## PROBLEM TO WORK ON
Nothing in the data should change when you return it, but leave the pictures out.

## DATA LISTING
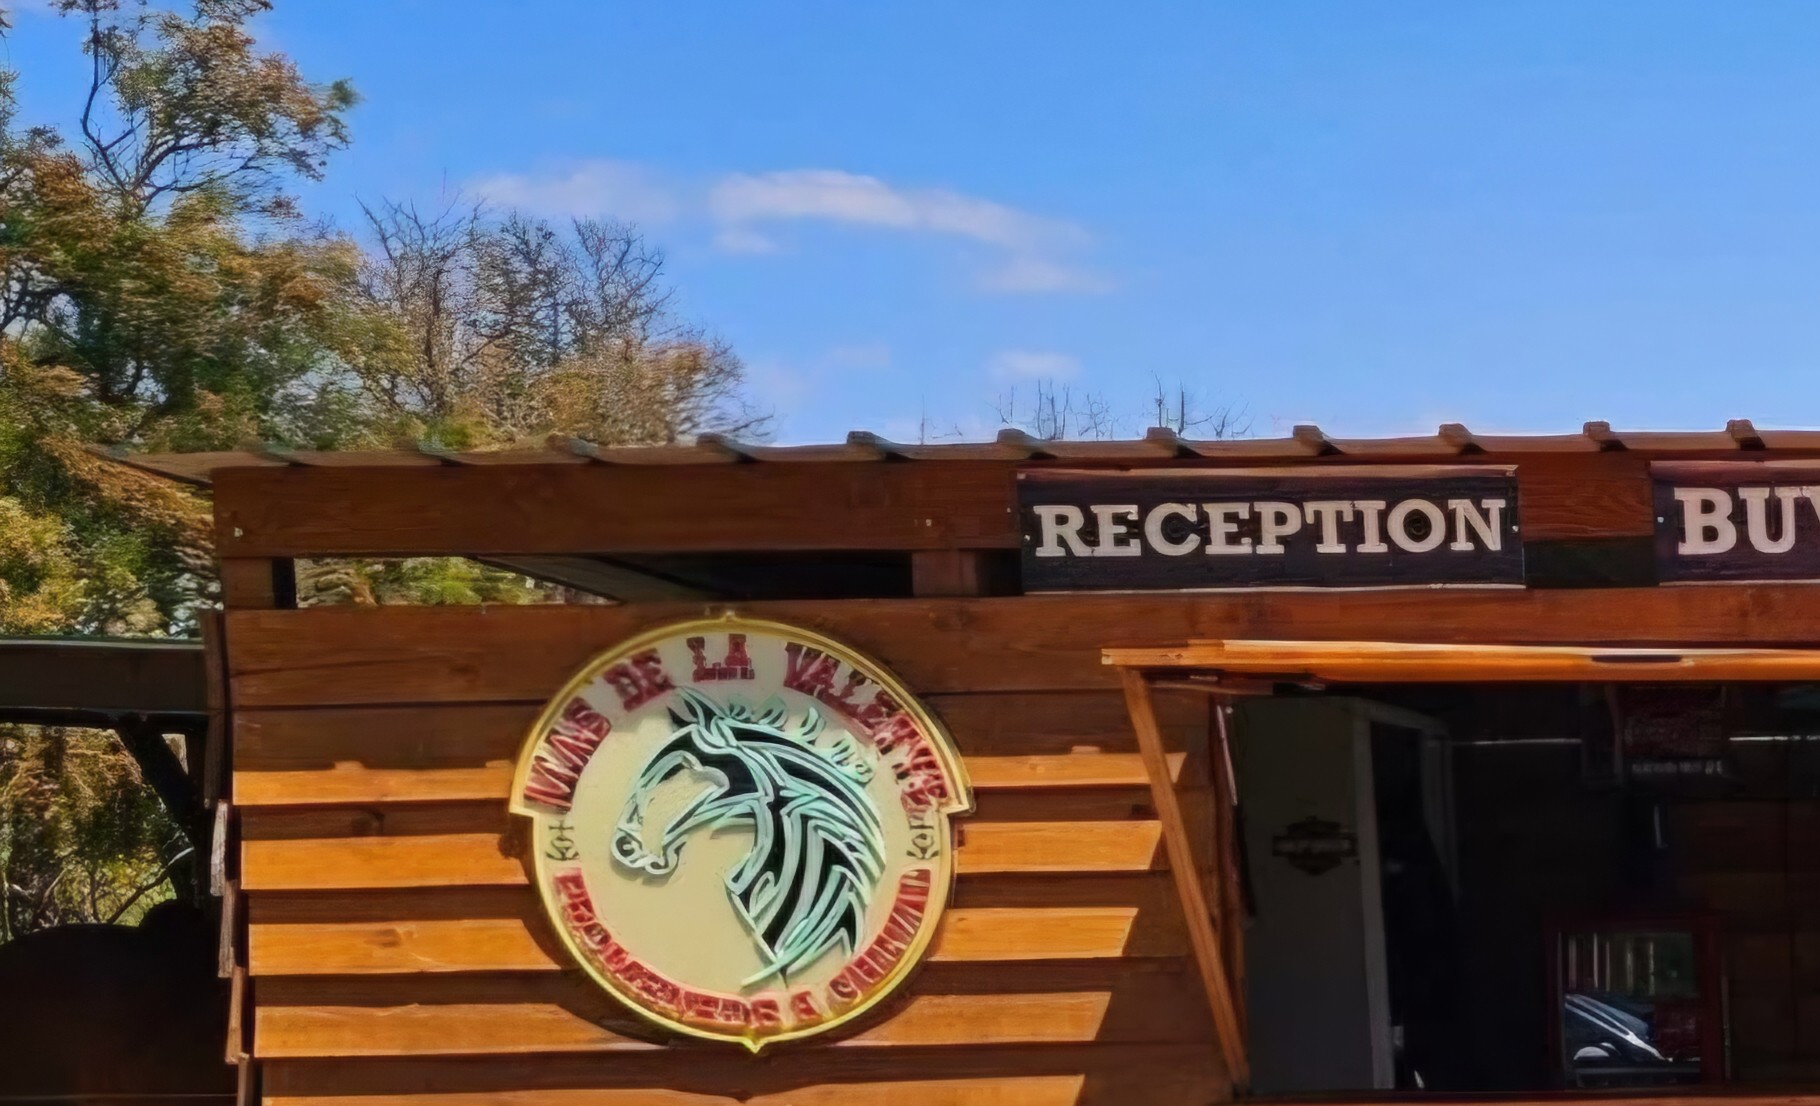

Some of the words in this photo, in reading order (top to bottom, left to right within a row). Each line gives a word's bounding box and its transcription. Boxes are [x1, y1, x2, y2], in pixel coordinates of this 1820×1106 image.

[1031, 498, 1506, 557] RECEPTION
[522, 697, 612, 811] MAS
[602, 648, 676, 711] DE
[686, 633, 755, 682] LA
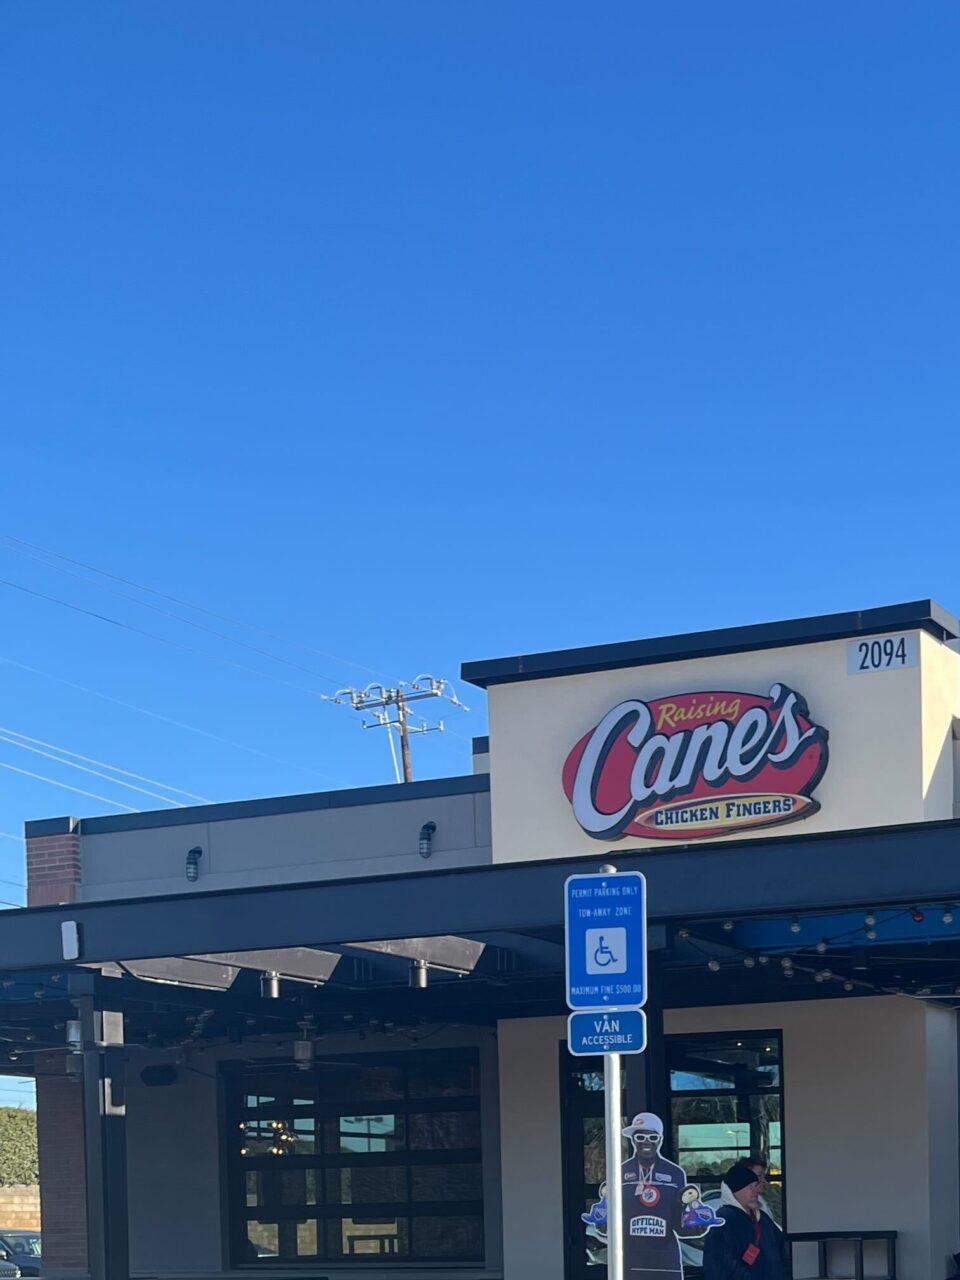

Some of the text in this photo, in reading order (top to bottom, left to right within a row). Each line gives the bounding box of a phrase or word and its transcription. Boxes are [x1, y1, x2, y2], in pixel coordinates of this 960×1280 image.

[858, 637, 907, 671] 2094
[657, 697, 741, 731] Raising
[572, 683, 814, 833] Cane's
[654, 798, 793, 826] CHICKEN FINGERS
[571, 886, 638, 898] PERMIT PARKING ONLY
[579, 906, 632, 918] TOW-AWAY ZONE
[571, 983, 642, 995] MAXIMUM FINE $500.00
[594, 1020, 620, 1033] VAN
[582, 1034, 633, 1046] ACCESSIBLE
[631, 1218, 664, 1228] OFFICIAL
[631, 1227, 664, 1236] HYPE MAN
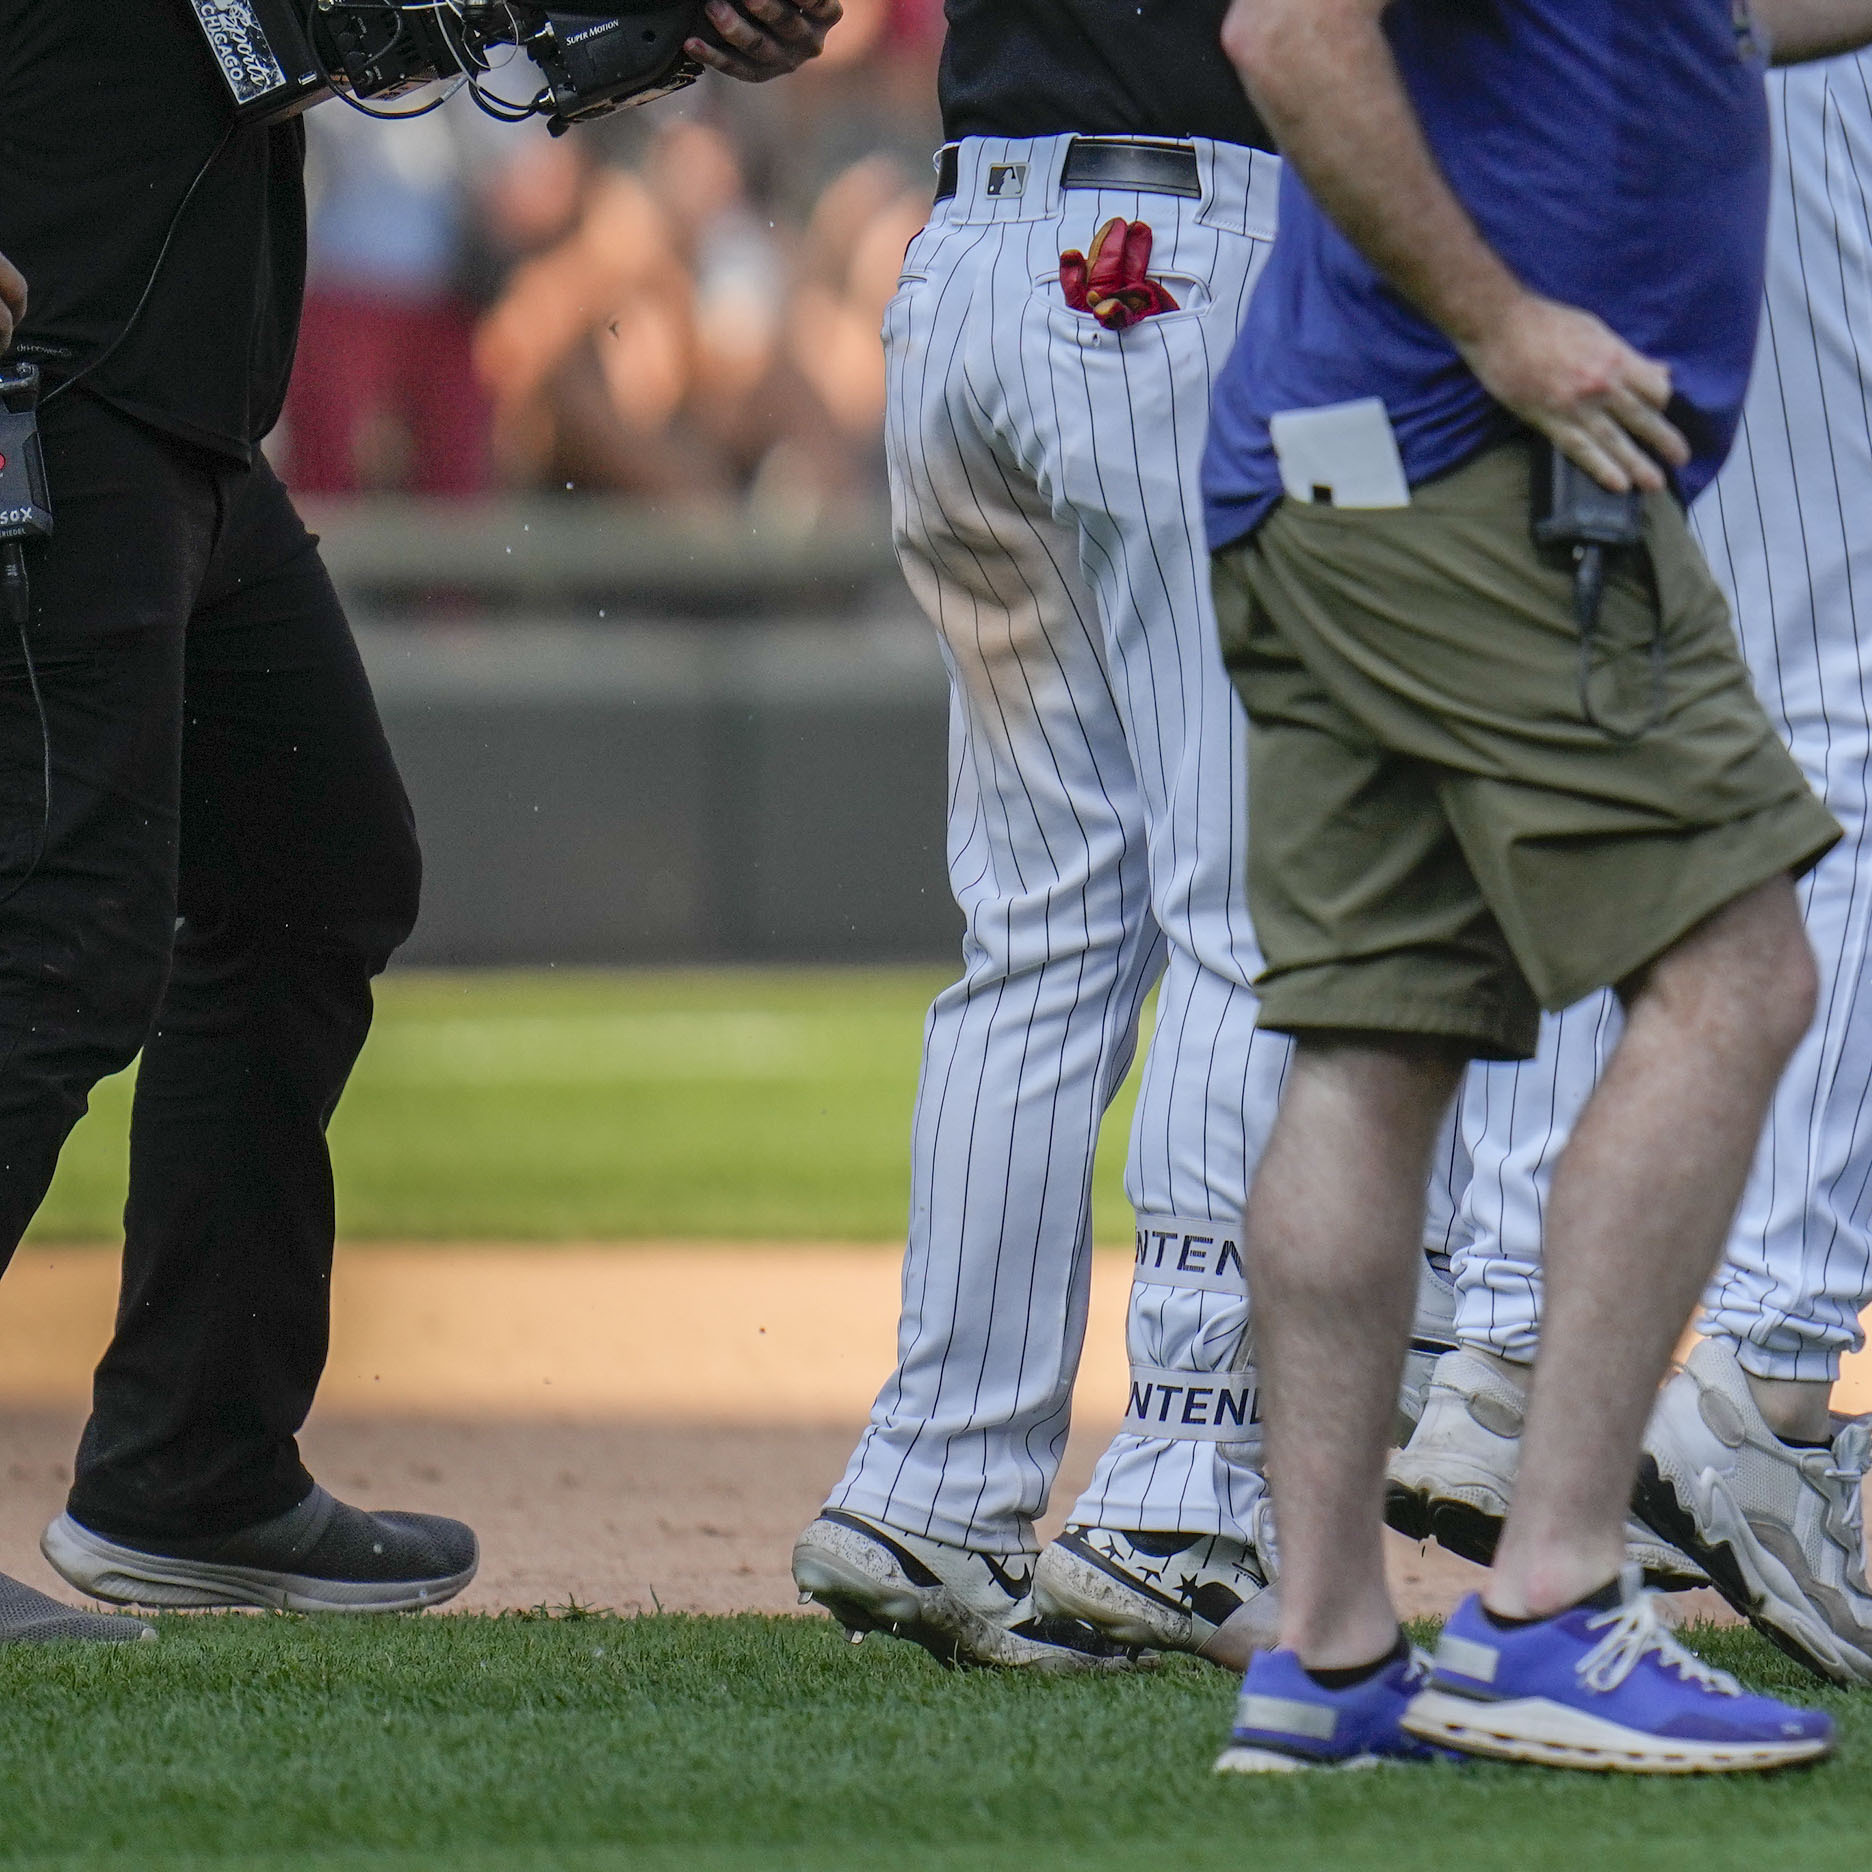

## WRITTEN SOLUTION
Some of the words in this photo, in reading order (top to bottom, left to right within a row). Each line gives a word's bounding box and its transcription. Boxes are [x1, y1, x2, y2], in pixel coordinates of this 1820×1106 image.

[1031, 498, 1506, 557] RECEPTION
[522, 697, 612, 811] MAS
[602, 648, 676, 711] DE
[686, 633, 755, 682] LA

Some of the text in this photo, in reading order (top to bottom, left to right within a row). Each line gives the bounding box of a phrase or word and its transcription. Boxes are [x1, y1, x2, y2], in pixel coordinates of this 960×1280 image.

[858, 637, 907, 671] 2094
[657, 697, 741, 731] Raising
[572, 683, 814, 833] Cane's
[654, 798, 793, 826] CHICKEN FINGERS
[571, 886, 638, 898] PERMIT PARKING ONLY
[579, 906, 632, 918] TOW-AWAY ZONE
[571, 983, 642, 995] MAXIMUM FINE $500.00
[594, 1020, 620, 1033] VAN
[582, 1034, 633, 1046] ACCESSIBLE
[631, 1218, 664, 1228] OFFICIAL
[631, 1227, 664, 1236] HYPE MAN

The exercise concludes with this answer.